IMF advises Romania to fight tax evasionReading Time: 3 minutes
Romanian Prime Minister Marcel Ciolacu declared that he was happy after holding discussions with International Monetary Fund experts after their annual visit from 25 September and 4 October.
According to Romanian Finance Minister Marcel Bolos the IMF had advised the government to crack down on tax evasion. The IMF overall focused on four main subjects: the budget deficit, economic growth, taxes and fees, and predictable fiscal policy.
The budget deficit
Romania’s 2023 budget deficit target was estimated at 4.4% of GDP, but after the first 8 months, the deficit rose to 2.65%, or lei 42bn, and is expected to grow rapidly until the year-end.
Ciolacu said the government aims to end the year with a budget deficit of 5.5%. “Last year we had a deficit of 6.2%, the basic rule when you talk to the Commission is from 6.2% to decrease by 0.5%. “People are not stupid… I said from the beginning, if you want 4.4%, I can achieve it… but the patient will be dead. In my opinion, we will fall into a maximum deficit 5.5%.”
On the other hand, the IMF was not so optimistic, estimating that Romania will end the year with a deficit of 6% of GDP, with a return to 5% only in 2024. “The recently adopted fiscal package is a step in the right direction, but further reforms are needed. The initial fiscal deficit for 2023, of 4.4%, will be overcome and we forecast a deficit of 6% of GDP.
“Fiscal deficits will need to fall below 3% of GDP, as agreed with the European Commission, to stabilize public debt in the medium term, to help secure the necessary financing in the market at lower interest rates and to support the continued payment of EU funds,” IMF mission leader Jan Kees Martjin said.
The IMF noted Romania’s economic growth slowdown in the first half, due to weaker consumption caused by high inflation eroding real wages.
In 2023, economic growth is forecast at 2.3% of GDP, supported by a large increase in investment, the IMF said, adding that as fiscal consolidation also emerges, it will hit 3%, the IMF says. After the first 6 months of the year, the increase was only 1.7%, however.

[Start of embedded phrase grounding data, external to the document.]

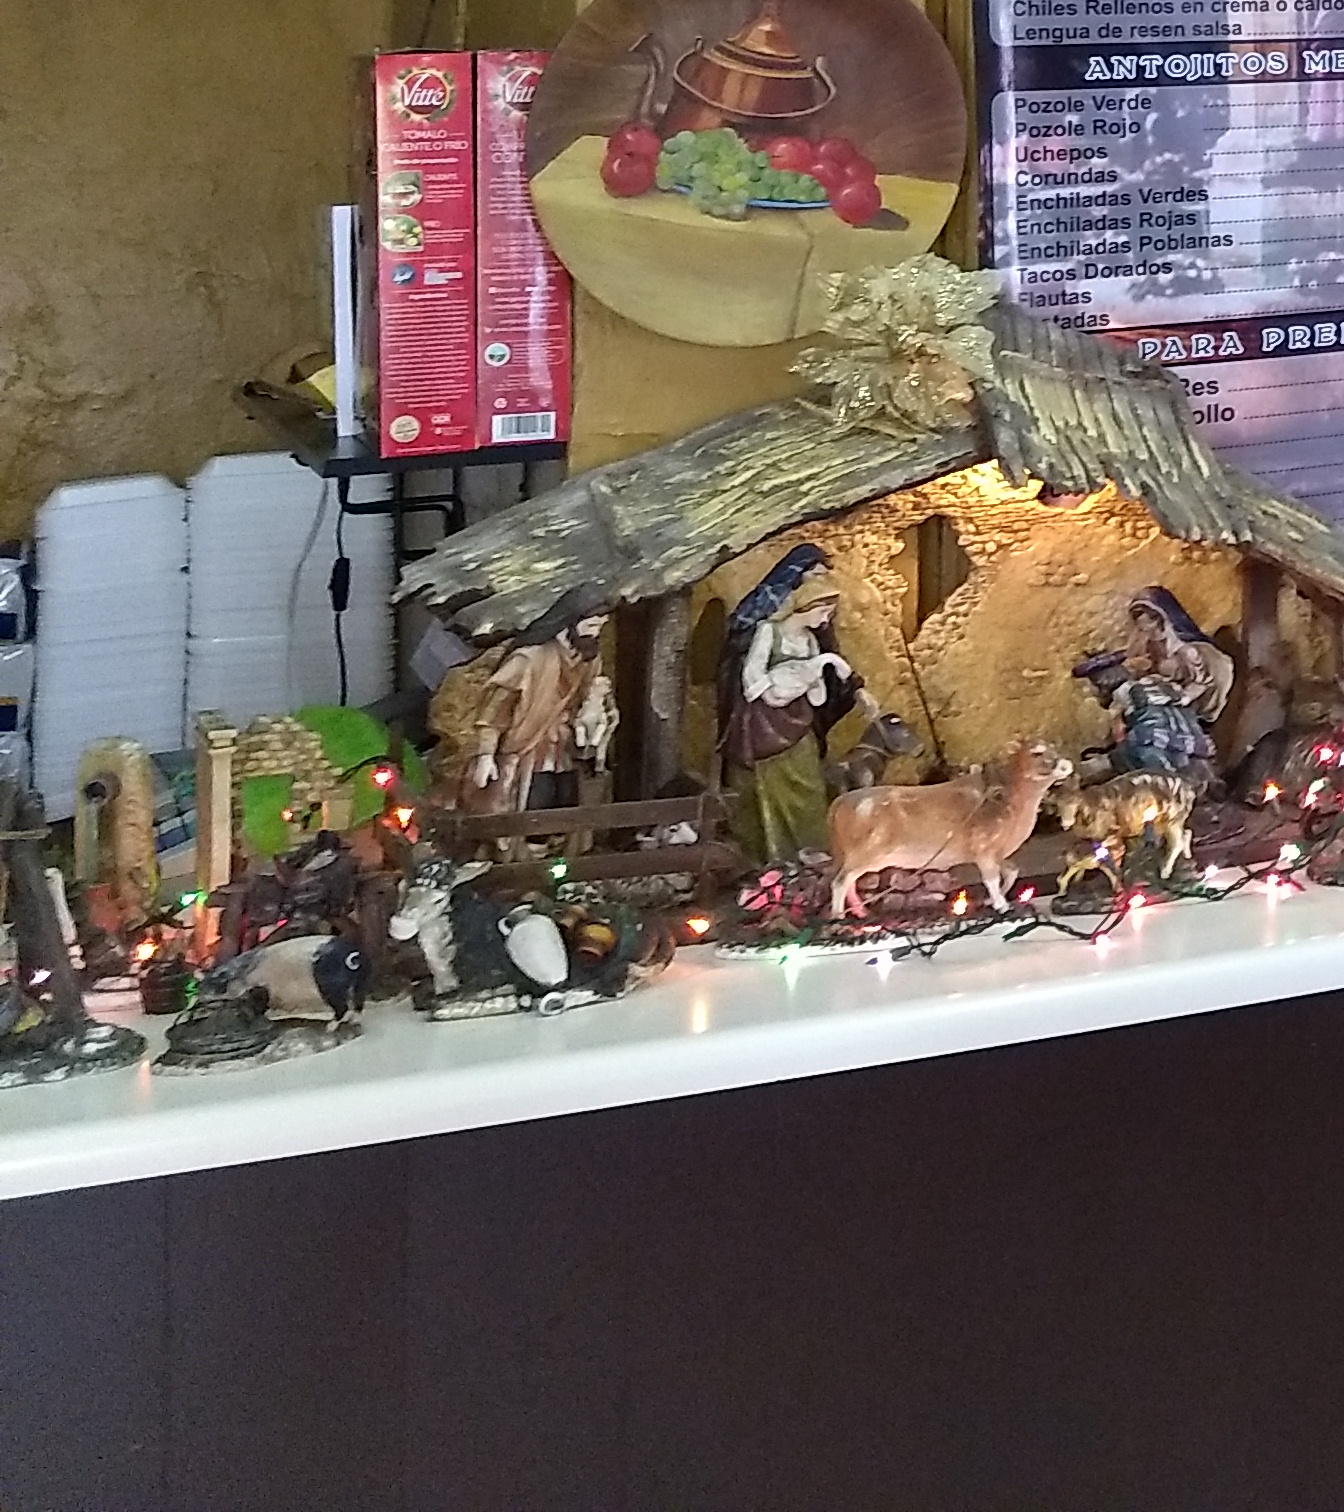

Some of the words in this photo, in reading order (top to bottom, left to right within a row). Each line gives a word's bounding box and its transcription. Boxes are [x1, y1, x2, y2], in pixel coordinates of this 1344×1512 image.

[1013, 0, 1078, 16] Chiles
[1085, 0, 1174, 15] Rellenos
[1181, 1, 1204, 14] en
[1211, 1, 1270, 13] crema
[1013, 24, 1090, 43] Lengua
[1098, 23, 1123, 38] de
[1192, 21, 1243, 36] salsa
[1084, 52, 1289, 81] ANTOJITOS
[504, 70, 537, 103] Vitt
[1015, 96, 1085, 114] Pozole
[1092, 94, 1152, 111] Verde
[1015, 120, 1085, 138] Pozole
[1093, 118, 1141, 138] Rojo
[1015, 145, 1109, 165] Uchepos
[1015, 167, 1118, 187] Corundas
[1016, 191, 1131, 212] Enchiladas
[1138, 186, 1209, 204] Verdes
[1017, 215, 1131, 236] Enchiladas
[1139, 211, 1197, 231] Rojas
[1018, 238, 1132, 260] Enchiladas
[1139, 233, 1234, 253] Poblanas
[1017, 267, 1077, 285] Tacos
[1084, 259, 1173, 281] Dorados
[1138, 331, 1245, 361] PARA
[1193, 403, 1235, 425] ollo

In August, the inflation rate dropped slightly to 9.43%, from 9.44% in July, and the IMF notes the tightening of monetary policy. Romania’s central bank raised the key interest rate to 7% to be maintained until the end of the year.

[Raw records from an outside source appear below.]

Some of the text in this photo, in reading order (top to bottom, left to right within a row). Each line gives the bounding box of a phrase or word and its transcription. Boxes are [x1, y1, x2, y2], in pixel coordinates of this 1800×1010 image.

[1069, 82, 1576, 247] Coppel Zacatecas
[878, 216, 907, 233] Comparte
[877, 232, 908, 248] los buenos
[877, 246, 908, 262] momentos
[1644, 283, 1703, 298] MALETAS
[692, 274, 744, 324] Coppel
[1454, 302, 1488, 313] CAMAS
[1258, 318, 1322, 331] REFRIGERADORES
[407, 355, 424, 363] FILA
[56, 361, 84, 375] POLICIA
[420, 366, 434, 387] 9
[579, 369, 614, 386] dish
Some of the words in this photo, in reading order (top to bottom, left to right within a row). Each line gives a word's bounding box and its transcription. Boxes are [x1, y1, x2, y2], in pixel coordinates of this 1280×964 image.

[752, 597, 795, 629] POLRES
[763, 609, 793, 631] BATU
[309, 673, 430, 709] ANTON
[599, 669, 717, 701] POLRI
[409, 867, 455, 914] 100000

The IMF did not recommend that the government intervene to control prices to reduce inflation, which it said would lead to the compression of supply and the rise of other prices.
Taxes and fees
The IMF recommended a tougher fiscal regime for Romania, and criticised its 1% turnover tax on large companies, as “an additional burden”. Local observers commented, however, that while some firms have small profit margins, this is not the case with large banking institutions, for example. On the other hand, the IMF would like a tougher fiscal framework for SMEs, in which case it recommends higher taxes and a threshold of only EUR 60,000.
The IMF did not recommend progressive taxation. Tax revenues in Romania are very low compared to other European states and therefore we believe there is room for improvement collection, the Fund argued. Ciolacu claimed that he is convinced that there will be no need for new taxes, however.

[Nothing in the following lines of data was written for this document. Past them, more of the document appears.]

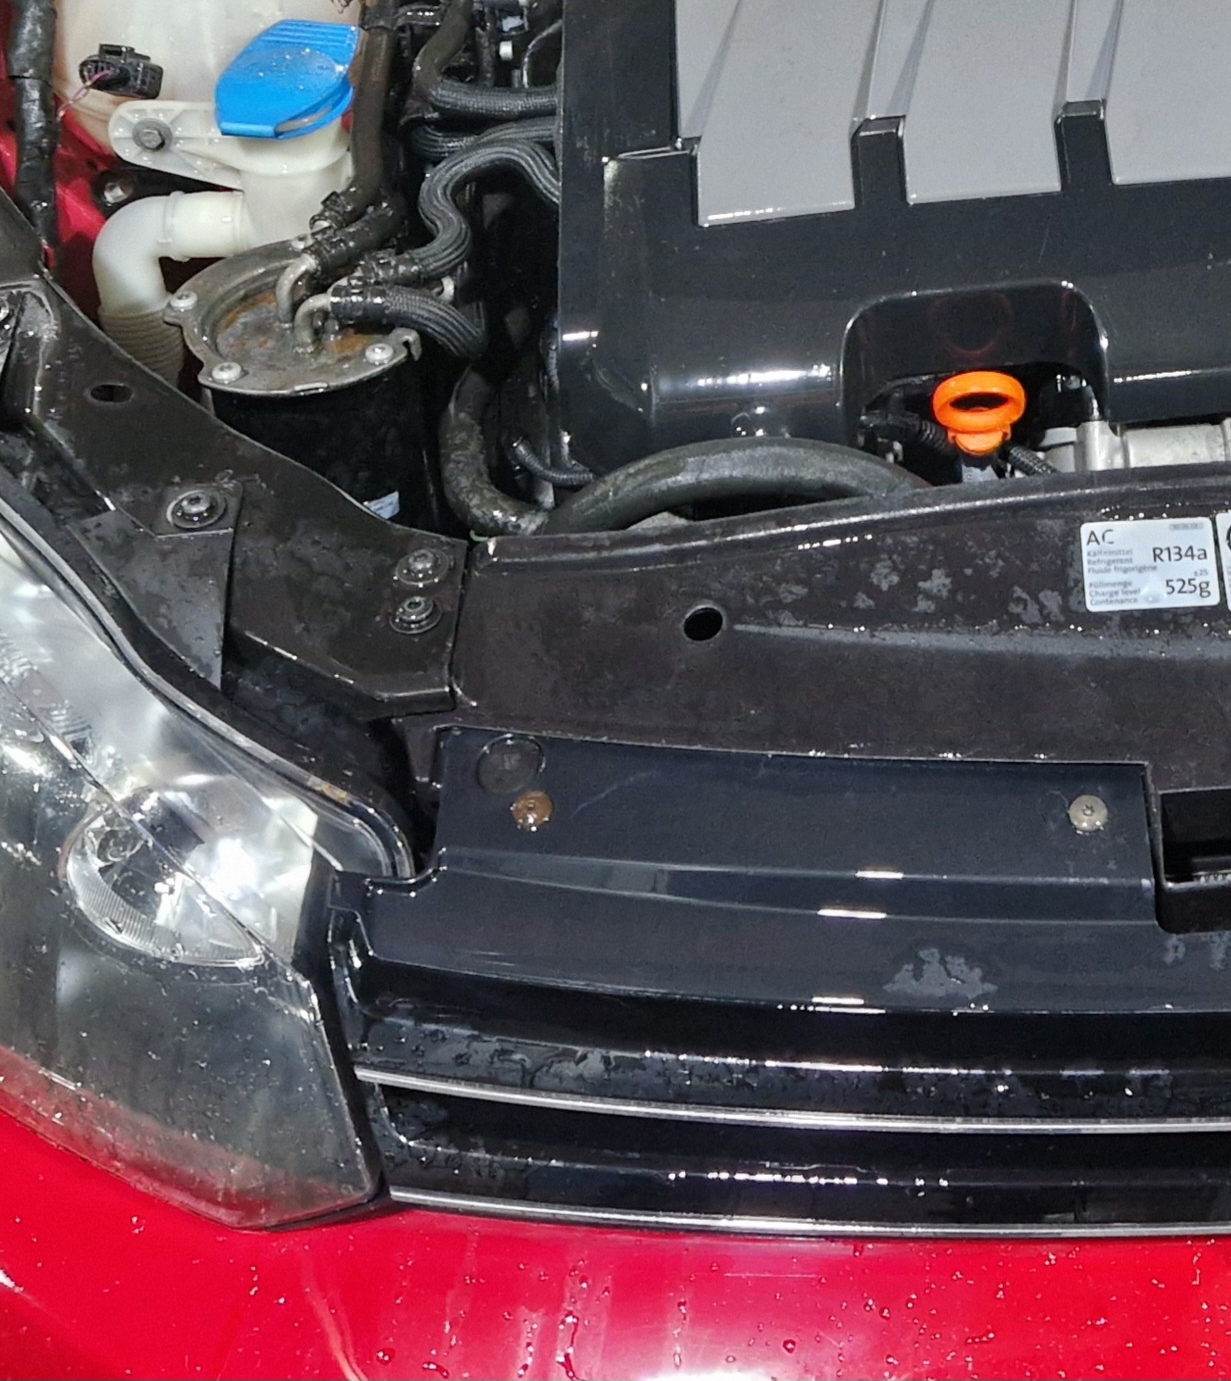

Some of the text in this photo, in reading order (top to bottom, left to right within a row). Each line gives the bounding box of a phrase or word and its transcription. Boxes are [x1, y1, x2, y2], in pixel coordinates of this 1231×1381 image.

[1086, 529, 1115, 546] AC
[1152, 545, 1208, 563] R134a
[1089, 588, 1141, 598] Charge level
[1165, 578, 1212, 598] 525g
[1090, 597, 1139, 606] Contenance
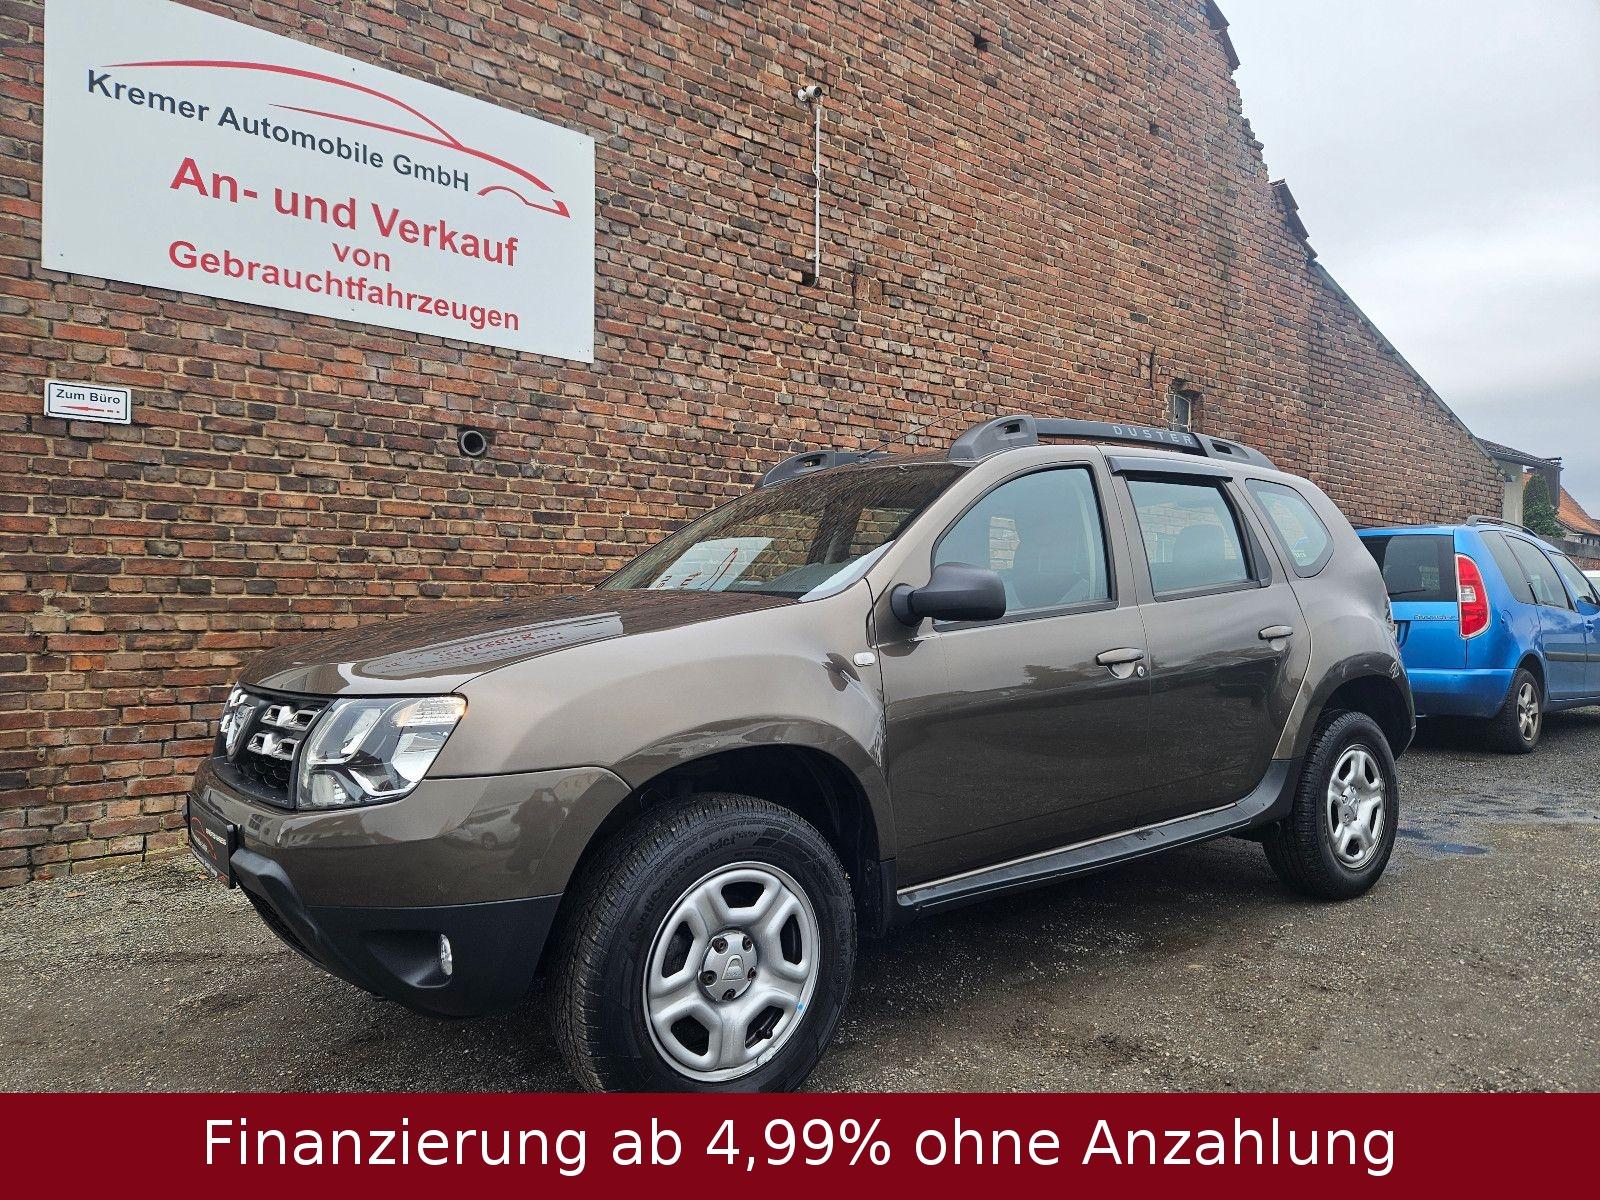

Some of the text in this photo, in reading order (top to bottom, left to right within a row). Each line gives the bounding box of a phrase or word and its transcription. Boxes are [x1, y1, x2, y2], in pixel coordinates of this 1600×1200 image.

[88, 69, 470, 192] Kremer Automobile GmbH
[171, 157, 519, 266] An- und Verkauf
[168, 240, 520, 331] Gebrauchtfahrzeugen
[333, 242, 391, 271] von
[56, 388, 121, 405] Zum Büro
[1112, 425, 1193, 445] DUSTER

“We had a discussion with the IMF, we also looked at the document he was going to present. I explained the short and long term program. Let’s not confuse the fiscal reform with the measures taken (…) we must be careful this year-end and next year, so that the expenses are not out of control, as happened before. (…) I say that by being more in solidarity with each other we will also overcome this moment “, said the prime minister after a visit to the Coca-Cola Factory in Ploiesti on Wednesday.
Predictable fiscal policy
The IMF said “fiscal policy must be more predictable”. The document explains the “difficult financial situation of Romania”, which should be resolved quickly. Measures are needed with a general objective of the fiscal-budgetary consolidation through the efficient administration of public revenues,’ the Fund added.
Ciolacu said the IMF appreciated the measures taken by the government and that encouraged the continuation of investments in health, education, and infrastructure, adding that he is convinced that there will be no need for new taxes in Romania, if the government keeps its promises and continues the reorganization in the ministries.